Task details
Write out every record below exactly as it appears, omitting the pictures.

○ ○ ○ ○

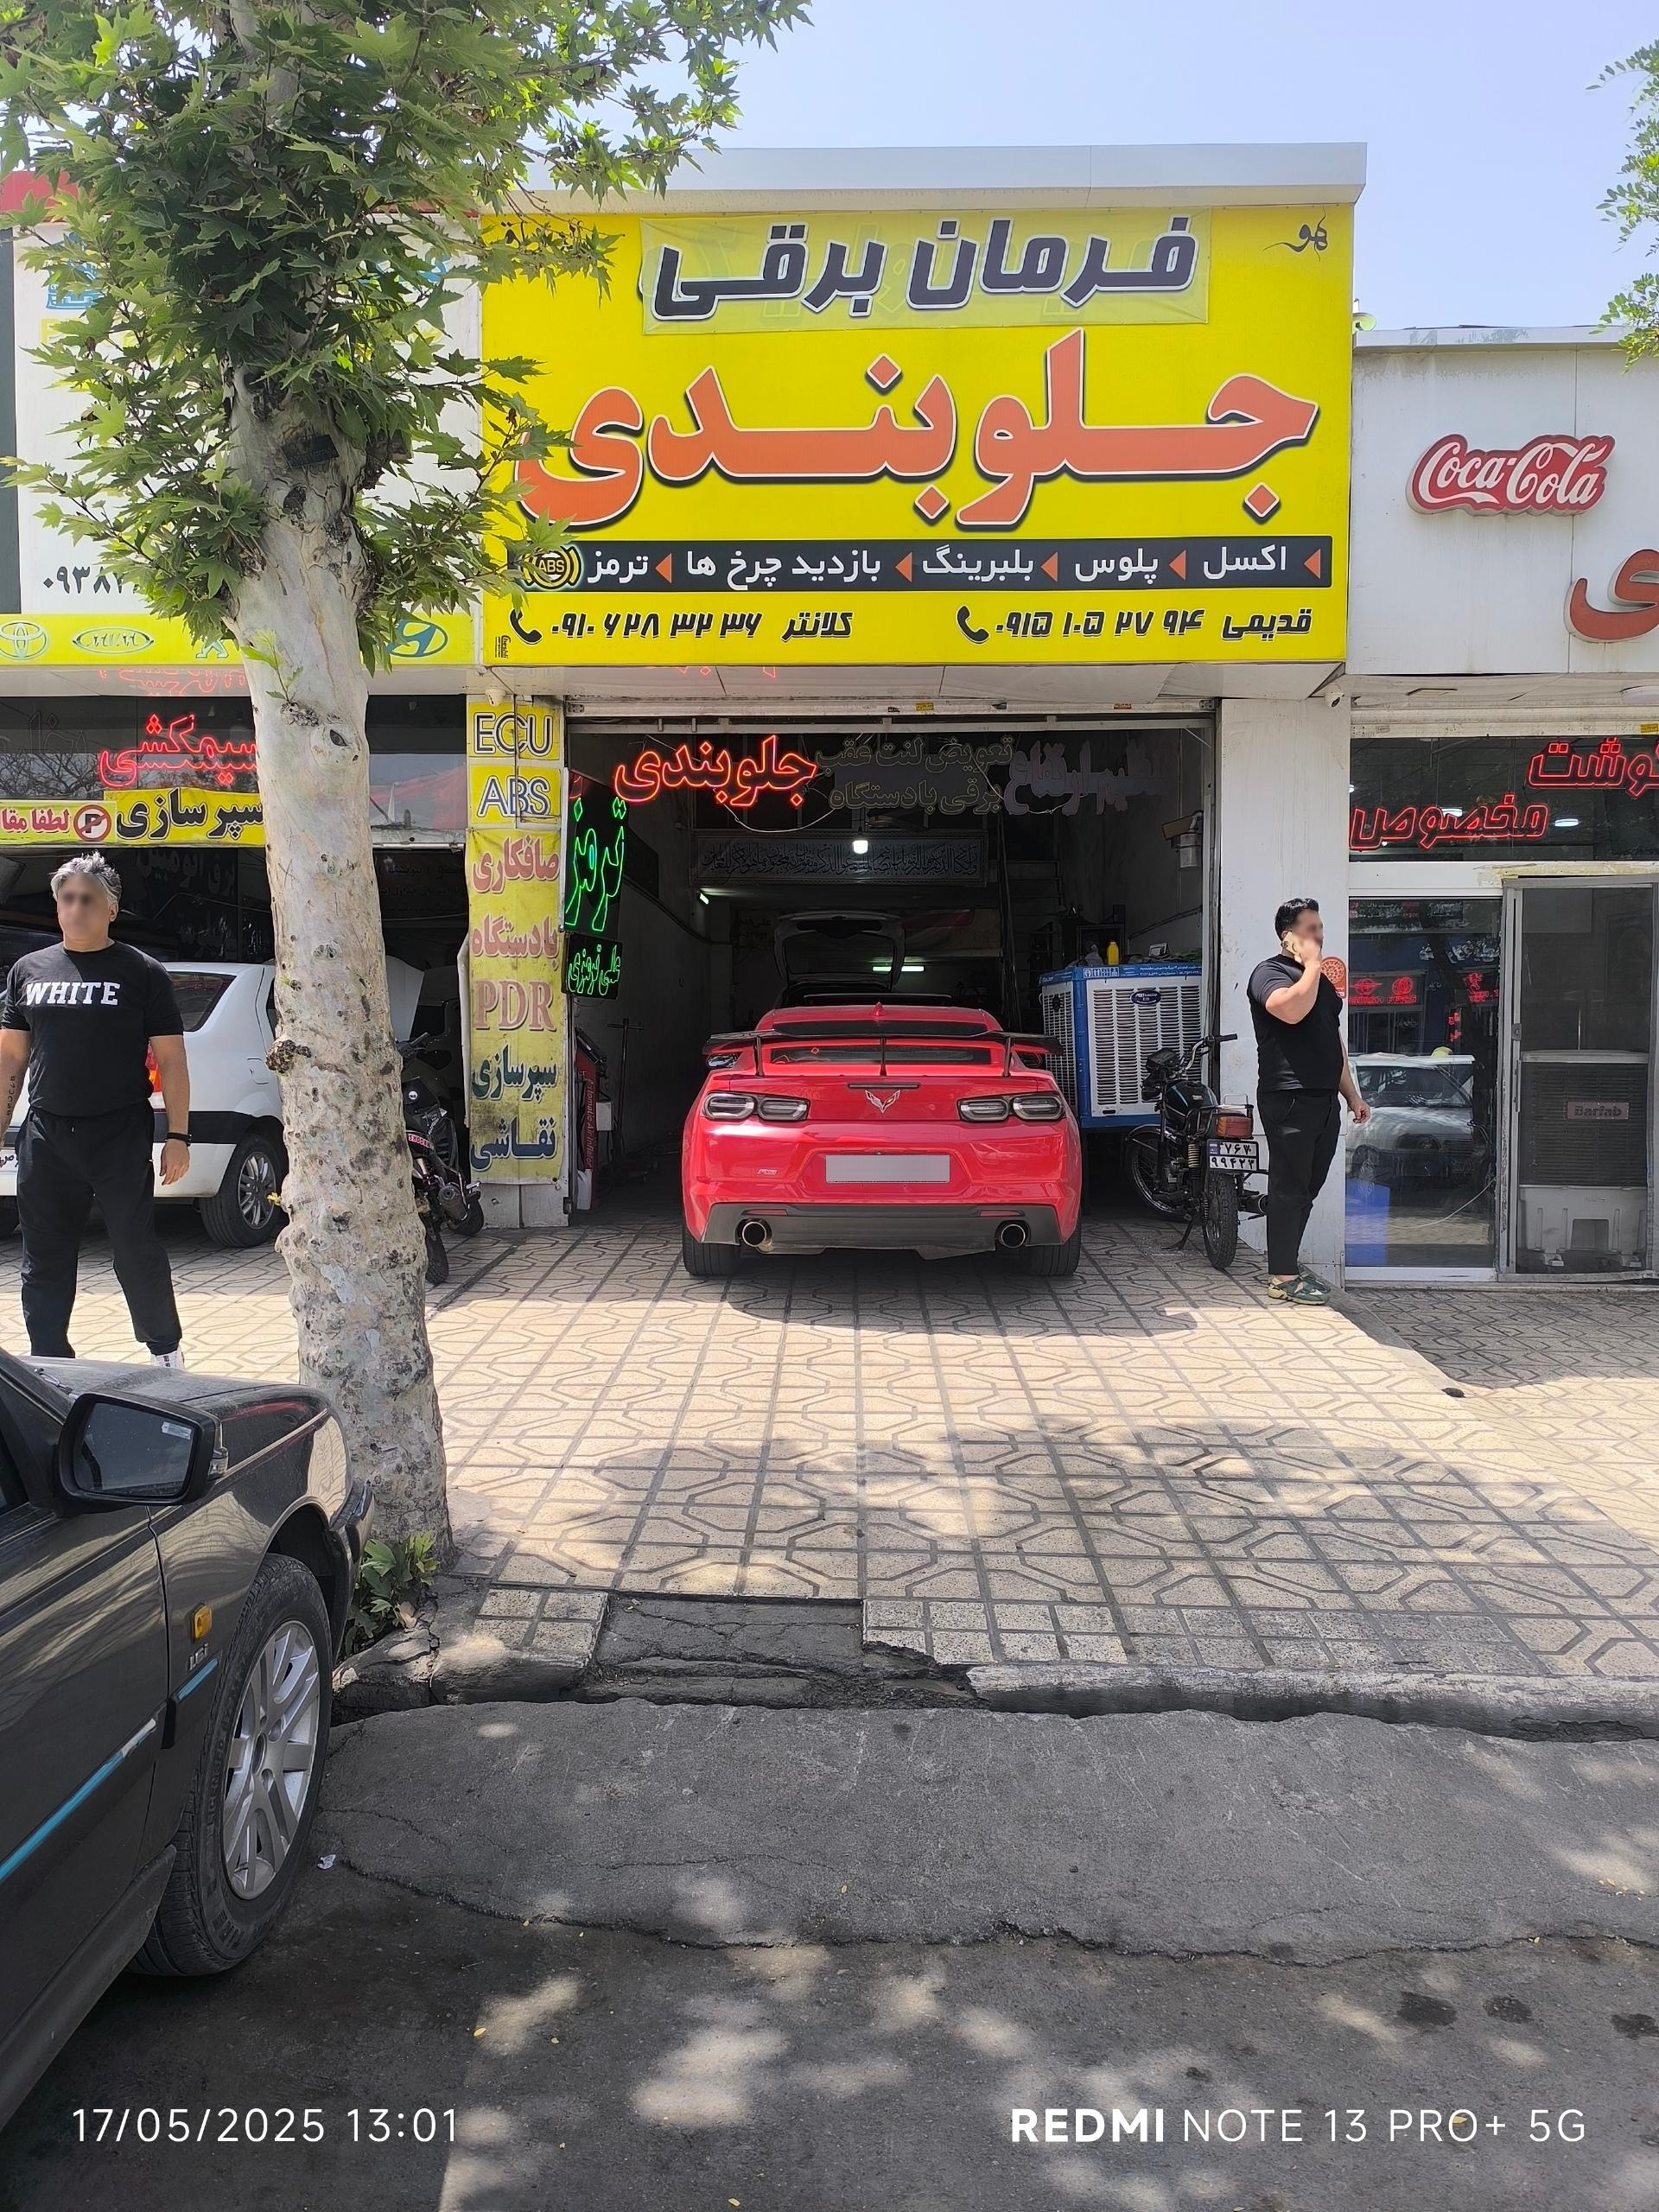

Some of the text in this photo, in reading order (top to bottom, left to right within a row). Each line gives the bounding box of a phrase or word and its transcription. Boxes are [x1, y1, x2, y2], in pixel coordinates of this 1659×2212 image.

[652, 214, 1199, 321] فرمان برقی
[517, 329, 1320, 529] جلوبندی
[1418, 440, 1607, 505] Coca-Cola
[538, 559, 566, 573] ABS
[587, 545, 1287, 590] اکسل پلوس بلبرینگ بازدید چرخ ها ترمز
[551, 612, 854, 643] کلانتر ۰۹۱۰ ۶۲۸ ۳۲ ۳۶
[995, 607, 1313, 641] قدیمی ۰۹۱۵ ۱۰۵ ۲۷ ۹۴
[474, 711, 554, 758] ECU
[815, 736, 1014, 775] تعویض لنت عقب
[614, 734, 818, 807] جلوبندی
[1527, 736, 1659, 798] وشت
[31, 809, 70, 834] لطفا
[117, 787, 264, 841] سپر سازی
[476, 774, 552, 818] ABS
[939, 778, 1003, 815] برقی
[1349, 793, 1549, 850] مخصوص
[472, 835, 560, 894] صافکاری
[565, 796, 627, 932] ترمز
[25, 982, 121, 1006] WHITE
[474, 980, 557, 1032] PDR
[470, 1114, 558, 1171] نقاشی

○ ○ ○ ○

Exercise solution
Some of the text in this photo, in reading order (top to bottom, left to right within a row). Each line gives the bounding box of a phrase or word and its transcription. Boxes are [x1, y1, x2, y2], in pixel coordinates of this 1659×2212 image.

[652, 214, 1199, 321] فرمان برقی
[517, 329, 1320, 529] جلوبندی
[1418, 440, 1607, 505] Coca-Cola
[538, 559, 566, 573] ABS
[587, 545, 1287, 590] اکسل پلوس بلبرینگ بازدید چرخ ها ترمز
[551, 612, 854, 643] کلانتر ۰۹۱۰ ۶۲۸ ۳۲ ۳۶
[995, 607, 1313, 641] قدیمی ۰۹۱۵ ۱۰۵ ۲۷ ۹۴
[474, 711, 554, 758] ECU
[815, 736, 1014, 775] تعویض لنت عقب
[614, 734, 818, 807] جلوبندی
[1527, 736, 1659, 798] وشت
[31, 809, 70, 834] لطفا
[117, 787, 264, 841] سپر سازی
[476, 774, 552, 818] ABS
[939, 778, 1003, 815] برقی
[1349, 793, 1549, 850] مخصوص
[472, 835, 560, 894] صافکاری
[565, 796, 627, 932] ترمز
[25, 982, 121, 1006] WHITE
[474, 980, 557, 1032] PDR
[470, 1114, 558, 1171] نقاشی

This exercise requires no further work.